Mitte der sechziger Jahre sieht sich die Regierungskoalition mit
großen Herausforderungen konfrontiert. Die Konjunktur der
Wiederaufbaujahre lässt nach. In der DDR hat sich eine
kommunistische Diktatur etabliert. Nach dem Mauerbau vom 13. August
1961 ist die innerdeutsche Grenze hermetisch abgeriegelt.
Nach der Bundestagswahl am 17. September 1961 ziehen erstmals nur drei Parteien in das Parlament ein: Die Union bleibt mit 45,3 Prozent stärkste Fraktion, verliert jedoch ihre absolute Mehrheit. Die Sozialdemokraten erreichen 36,2 und die Liberalen 12,8 Prozent. Alle anderen Parteien scheitern an der Fünf-Prozent-Hürde.

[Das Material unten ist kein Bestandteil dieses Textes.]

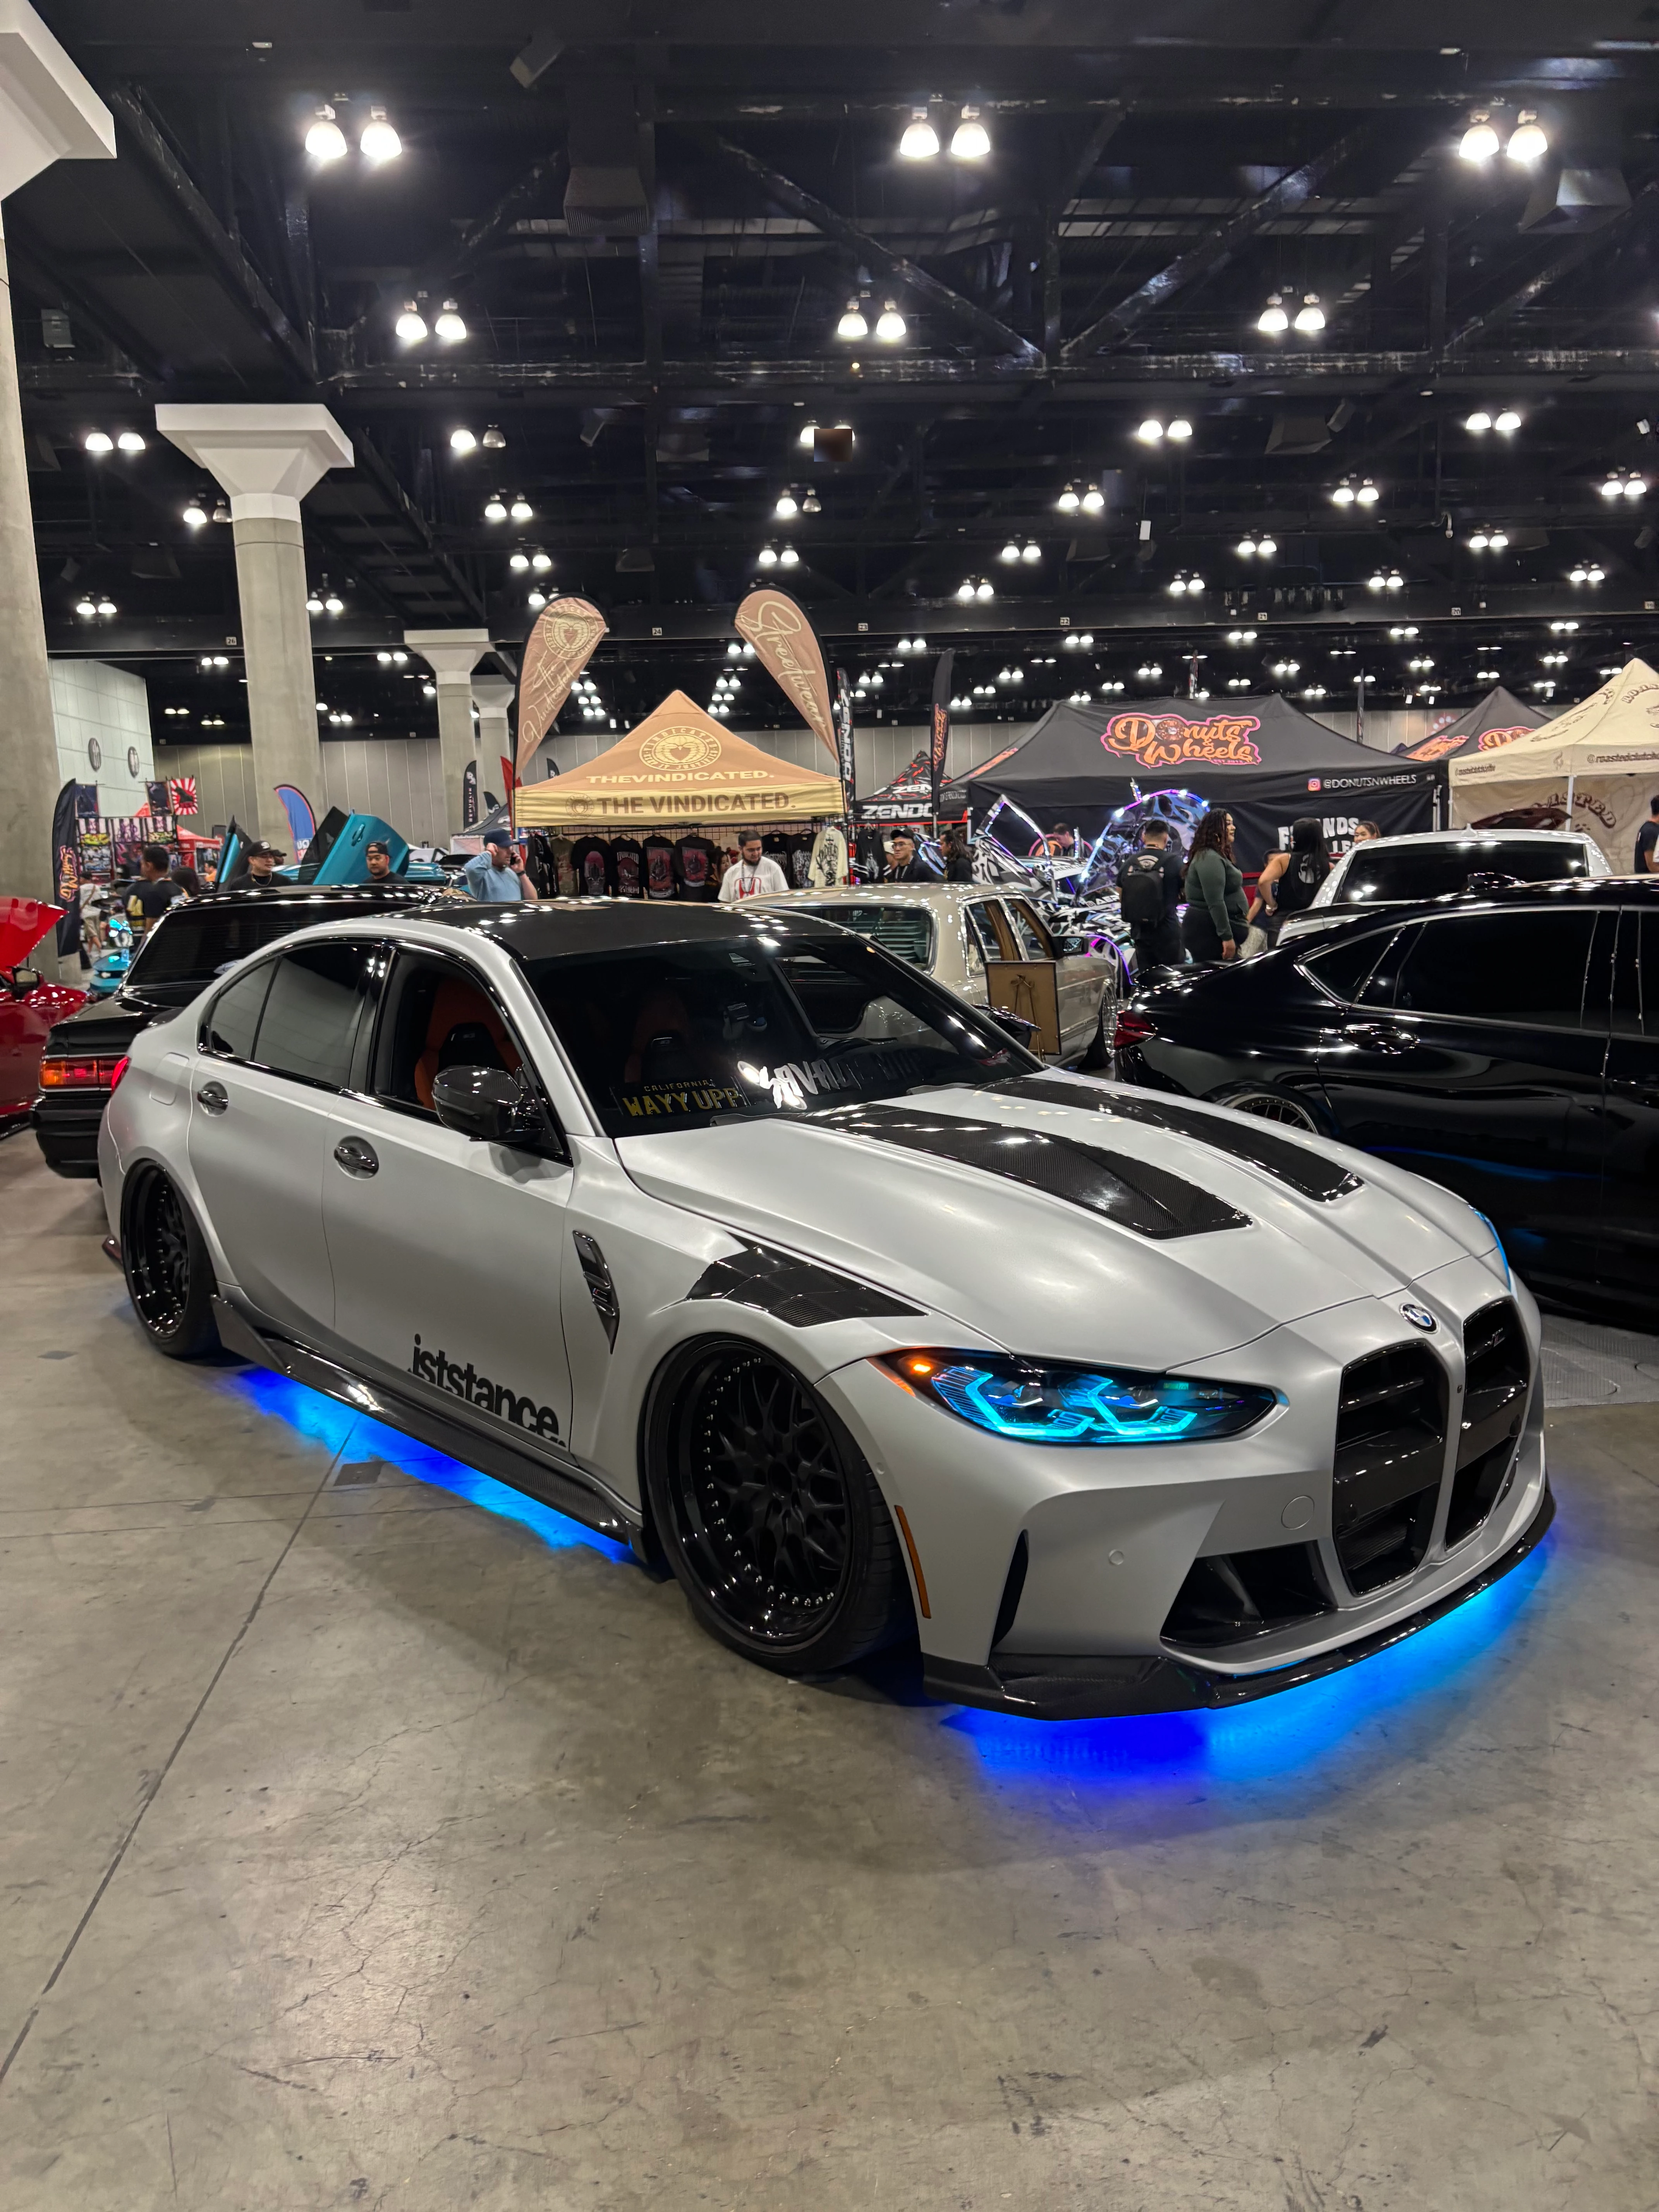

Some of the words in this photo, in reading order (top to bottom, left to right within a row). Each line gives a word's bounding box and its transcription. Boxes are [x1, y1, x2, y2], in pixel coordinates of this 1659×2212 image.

Union und FDP vereinbaren eine Koalition, nachdem Konrad Adenauer
(CDU) seinen Rücktritt im Laufe der Legislaturperiode
zugesichert hatte. Er tritt im Oktober 1963 zurück und der
Bundestag wählt den Wirtschaftsminister und Vizekanzler Ludwig
Erhard (CDU) zu seinem Nachfolger.
Zu den Sternstunden des Parlaments zählt die Debatte um das Recht der Verjährung von Schwerstverbrechen. Nach dem damaligen Recht verjährten Mord, Beihilfe zum Mord und Mordversuch nach 20 und Totschlagsverbrechen nach 15 Jahren. Die Verfolgung nationalsozialistischer Verbrechen hatte 1945 begonnen, die Verjährungsfrist wäre damit im Frühjahr und Sommer 1965 abgelaufen.

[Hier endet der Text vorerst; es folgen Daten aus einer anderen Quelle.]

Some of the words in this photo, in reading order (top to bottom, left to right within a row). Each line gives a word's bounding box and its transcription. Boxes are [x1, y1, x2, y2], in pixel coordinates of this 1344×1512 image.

Nach intensiven Parlamentsdebatten beschließt der Bundestag
1965 zunächst, die Verjährungsfrist mit der Gründung
der Bundesrepublik beginnen zu lassen. Stichtag wurde der 1. Januar
1950.1969 wird der Bundestag die Verjährungsfrist für
Verbrechen, die mit lebenslanger Freiheitsstrafe geahndet werden,
abermals verlängern und die Verfolgungsverjährung
für Völkermord ganz aufheben.
In der Sommerpause 1964 holt ein Telegramm die Abgeordneten des
Bundestages für eine Sondersitzung zurück nach Bonn. Die
zuvor von der Regierung gebilligte Erhöhung der
Telefongebühreneinheit um vier Pfennige steht in der
öffentlichen Kritik. Die oppositionelle SPD-Fraktion hatte
eine Sondersitzung wegen der geplanten Erhöhung der Telefon-
und Fernschreibgebühren beantragt. Zuvor war der Bundestag
erst einmal in der Sommerpause zusammengerufen worden, und zwar
1961 aus Anlass des Baus der Berliner Mauer.

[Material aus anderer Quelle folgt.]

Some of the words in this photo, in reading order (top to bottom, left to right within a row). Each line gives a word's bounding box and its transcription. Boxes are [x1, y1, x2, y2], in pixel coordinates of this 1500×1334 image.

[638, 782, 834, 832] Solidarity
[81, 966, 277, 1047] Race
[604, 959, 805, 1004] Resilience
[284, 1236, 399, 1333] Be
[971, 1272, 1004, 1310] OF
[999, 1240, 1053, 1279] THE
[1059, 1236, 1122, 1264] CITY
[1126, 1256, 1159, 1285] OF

Der Westen bemüht sich um ein entspanntes Verhältnis zum Ostblock. Handelsbeziehungen zu einigen Ostblockstaaten sollen aufgebaut werden. Mit dem Passierscheinabkommen vom 17. Dezember 1963 gelingt es in Berlin erstmals, die Mauer durchlässiger zu machen. Über Weihnachten können West-Berliner wieder ihre Verwandten im Ostteil der Stadt besuchen. Von 1963 bis 1966 werden acht Passierscheinabkommen ausgehandelt, die große Besucherzahlen zur Folge haben.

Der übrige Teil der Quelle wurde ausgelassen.